* _Aim of the task_:
Output each entry verbatim. Leave the images out.

* _Stored data entries_:
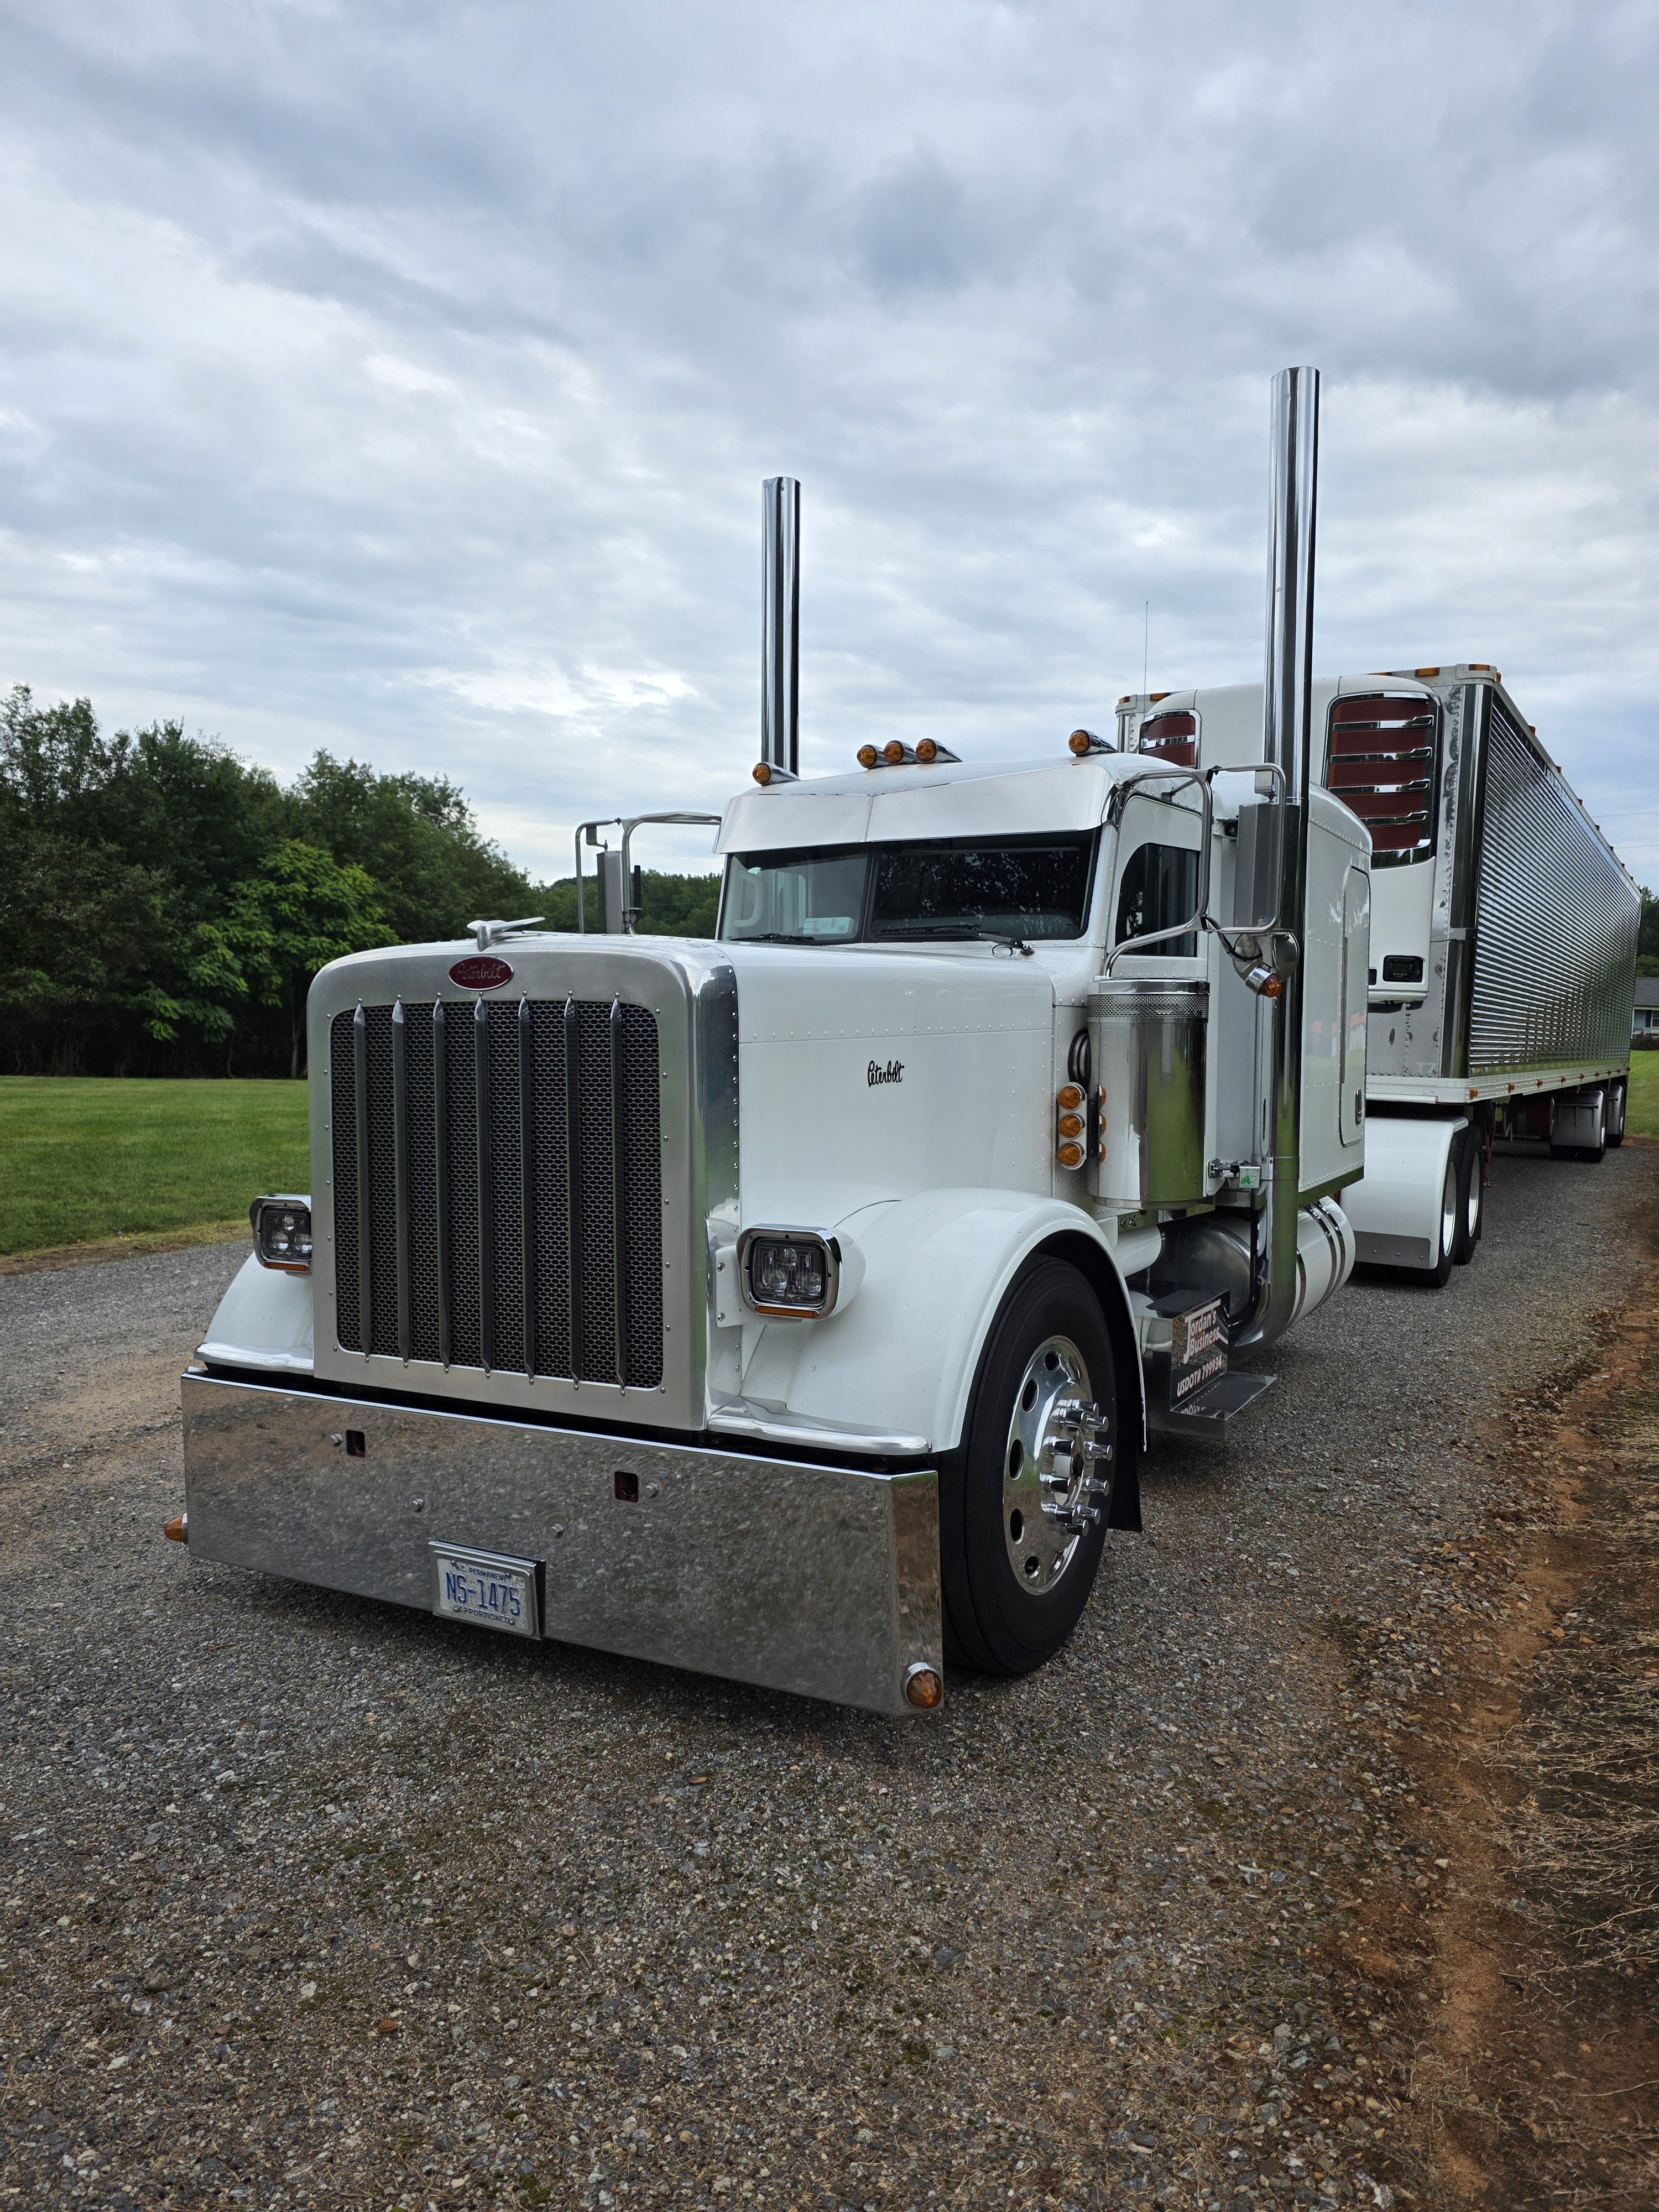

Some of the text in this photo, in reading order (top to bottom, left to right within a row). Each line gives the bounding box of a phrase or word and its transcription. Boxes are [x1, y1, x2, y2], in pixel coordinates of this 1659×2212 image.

[457, 962, 505, 982] Peterbilt
[867, 1060, 905, 1088] Peterbilt
[1184, 1298, 1221, 1364] Jordan's
[1190, 1326, 1220, 1357] Business
[1177, 1368, 1201, 1398] USDOT#
[468, 1566, 507, 1582] PERMANENT
[446, 1571, 520, 1617] NS-1475
[459, 1605, 510, 1624] APPORTIONED

* _Solution_:
Some of the text in this photo, in reading order (top to bottom, left to right within a row). Each line gives the bounding box of a phrase or word and its transcription. Boxes are [x1, y1, x2, y2], in pixel coordinates of this 1659×2212 image.

[457, 962, 505, 982] Peterbilt
[867, 1060, 905, 1088] Peterbilt
[1184, 1298, 1221, 1364] Jordan's
[1190, 1326, 1220, 1357] Business
[1177, 1368, 1201, 1398] USDOT#
[468, 1566, 507, 1582] PERMANENT
[446, 1571, 520, 1617] NS-1475
[459, 1605, 510, 1624] APPORTIONED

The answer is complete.